> _What you should do_:
Your answer should be the entries, repeated exactly.

> _Extracted records_:
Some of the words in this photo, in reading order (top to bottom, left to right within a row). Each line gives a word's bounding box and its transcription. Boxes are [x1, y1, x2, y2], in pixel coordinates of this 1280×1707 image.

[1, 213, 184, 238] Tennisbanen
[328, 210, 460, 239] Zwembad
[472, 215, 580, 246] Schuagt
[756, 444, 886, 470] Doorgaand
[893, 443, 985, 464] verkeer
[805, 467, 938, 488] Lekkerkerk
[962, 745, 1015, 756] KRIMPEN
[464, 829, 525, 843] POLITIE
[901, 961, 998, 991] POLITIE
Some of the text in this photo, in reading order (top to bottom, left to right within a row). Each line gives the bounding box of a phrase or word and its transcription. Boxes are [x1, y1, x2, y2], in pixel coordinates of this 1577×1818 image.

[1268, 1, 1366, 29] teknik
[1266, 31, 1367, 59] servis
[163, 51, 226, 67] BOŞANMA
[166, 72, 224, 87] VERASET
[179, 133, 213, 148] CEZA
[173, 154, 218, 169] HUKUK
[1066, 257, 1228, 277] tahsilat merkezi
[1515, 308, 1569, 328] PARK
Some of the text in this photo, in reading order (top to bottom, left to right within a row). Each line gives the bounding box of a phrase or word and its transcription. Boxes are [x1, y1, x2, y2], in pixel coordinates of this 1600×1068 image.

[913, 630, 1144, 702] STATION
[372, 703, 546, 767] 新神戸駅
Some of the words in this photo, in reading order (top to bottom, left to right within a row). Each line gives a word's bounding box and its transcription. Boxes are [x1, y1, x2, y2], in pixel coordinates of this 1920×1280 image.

> _Answer area_:
Some of the words in this photo, in reading order (top to bottom, left to right within a row). Each line gives a word's bounding box and its transcription. Boxes are [x1, y1, x2, y2], in pixel coordinates of this 1280×1707 image.

[1, 213, 184, 238] Tennisbanen
[328, 210, 460, 239] Zwembad
[472, 215, 580, 246] Schuagt
[756, 444, 886, 470] Doorgaand
[893, 443, 985, 464] verkeer
[805, 467, 938, 488] Lekkerkerk
[962, 745, 1015, 756] KRIMPEN
[464, 829, 525, 843] POLITIE
[901, 961, 998, 991] POLITIE
Some of the text in this photo, in reading order (top to bottom, left to right within a row). Each line gives the bounding box of a phrase or word and its transcription. Boxes are [x1, y1, x2, y2], in pixel coordinates of this 1577×1818 image.

[1268, 1, 1366, 29] teknik
[1266, 31, 1367, 59] servis
[163, 51, 226, 67] BOŞANMA
[166, 72, 224, 87] VERASET
[179, 133, 213, 148] CEZA
[173, 154, 218, 169] HUKUK
[1066, 257, 1228, 277] tahsilat merkezi
[1515, 308, 1569, 328] PARK
Some of the text in this photo, in reading order (top to bottom, left to right within a row). Each line gives the bounding box of a phrase or word and its transcription. Boxes are [x1, y1, x2, y2], in pixel coordinates of this 1600×1068 image.

[913, 630, 1144, 702] STATION
[372, 703, 546, 767] 新神戸駅
Some of the words in this photo, in reading order (top to bottom, left to right within a row). Each line gives a word's bounding box and its transcription. Boxes are [x1, y1, x2, y2], in pixel coordinates of this 1920×1280 image.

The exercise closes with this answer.